On Wednesday, October 2nd between 00:56 and 01:04 UTC, an increasing number of requests to app.cronofy.com and api.cronofy.com failed entirely or timed out while being processed.
The root cause was our primary database being unable to process requests in a timely fashion. The subsequent back pressure then caused dependent services to time out resulting in an outage.
00:56
- Primary database begins showing signs of congestion.
00:57
- Timeouts start being reported by monitoring.
00:59
- Initial alerting thresholds are breached. On-call engineer is notified.
01:00
- Investigation begins. app.cronofy.com and api.cronofy.com return timeout statuses.
01:01
- Additional alert thresholds for API response and HTTP status breached.
01:04
- Confirmation of performance degradation.
01:04
- Database congestion clears.
01:04
- Last timeout statuses are returned. app.cronofy.com and api.cronofy.com return healthy statuses.
01:05
- Rate limits hit for some clients as failed requests are retried in bulk.
01:09
- Engineer confirms resumption of service.
01:10 - 02:40
- Investigation and monitoring
We ask three primary questions in our retrospective:
While this issue resolved itself before engineer intervention it could arguably have done so sooner.
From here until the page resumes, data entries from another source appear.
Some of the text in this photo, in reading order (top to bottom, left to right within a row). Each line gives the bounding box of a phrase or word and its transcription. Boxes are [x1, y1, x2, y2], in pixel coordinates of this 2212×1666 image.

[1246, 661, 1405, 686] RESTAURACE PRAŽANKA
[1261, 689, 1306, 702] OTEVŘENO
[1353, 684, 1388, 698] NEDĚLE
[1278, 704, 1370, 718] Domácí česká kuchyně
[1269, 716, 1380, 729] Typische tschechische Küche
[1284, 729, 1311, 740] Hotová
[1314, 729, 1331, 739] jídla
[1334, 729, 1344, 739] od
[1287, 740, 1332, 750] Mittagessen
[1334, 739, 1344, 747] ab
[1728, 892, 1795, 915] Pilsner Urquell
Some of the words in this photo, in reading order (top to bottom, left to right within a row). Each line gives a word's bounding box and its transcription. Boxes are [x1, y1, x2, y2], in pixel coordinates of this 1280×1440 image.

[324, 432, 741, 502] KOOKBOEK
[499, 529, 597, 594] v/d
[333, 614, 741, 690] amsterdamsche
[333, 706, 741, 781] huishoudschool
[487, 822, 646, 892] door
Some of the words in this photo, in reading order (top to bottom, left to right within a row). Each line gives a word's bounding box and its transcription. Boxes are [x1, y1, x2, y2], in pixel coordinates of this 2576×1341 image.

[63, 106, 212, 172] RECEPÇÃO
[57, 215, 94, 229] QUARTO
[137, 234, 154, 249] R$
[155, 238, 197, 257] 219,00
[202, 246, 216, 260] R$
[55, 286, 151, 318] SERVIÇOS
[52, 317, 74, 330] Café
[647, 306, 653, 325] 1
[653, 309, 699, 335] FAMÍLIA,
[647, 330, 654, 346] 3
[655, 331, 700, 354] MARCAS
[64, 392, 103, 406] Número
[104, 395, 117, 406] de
The initial identification of issues routing requests from our load balancers to our servers, while correct, has ultimately proven to be a symptom rather than the root cause and, though our services did effectively self-heal, we have identified areas for improvement that should enable them to avoid the need to do so in future.
This incident has also highlighted some gaps in our monitoring that would have enabled us to take action before the point at which timeouts began to be returned and made identifying the root cause a simpler task.
We’re going to be spending some time re-working and improving our database monitoring to address the areas we’ve identified. They’re largely 1-in-a-million events but, when processing the number of events we do, that’s more frequent than we feel is acceptable.
We’ll be adding additional telemetry and improving our handling of database statements. This is to enable us to notice negative trends in performance well in advance of them becoming an issue and to be even more robust in how we handle them.
We’re adding a new section to our playbook to cover additional actions for scenarios similar to aid in speeding up our response.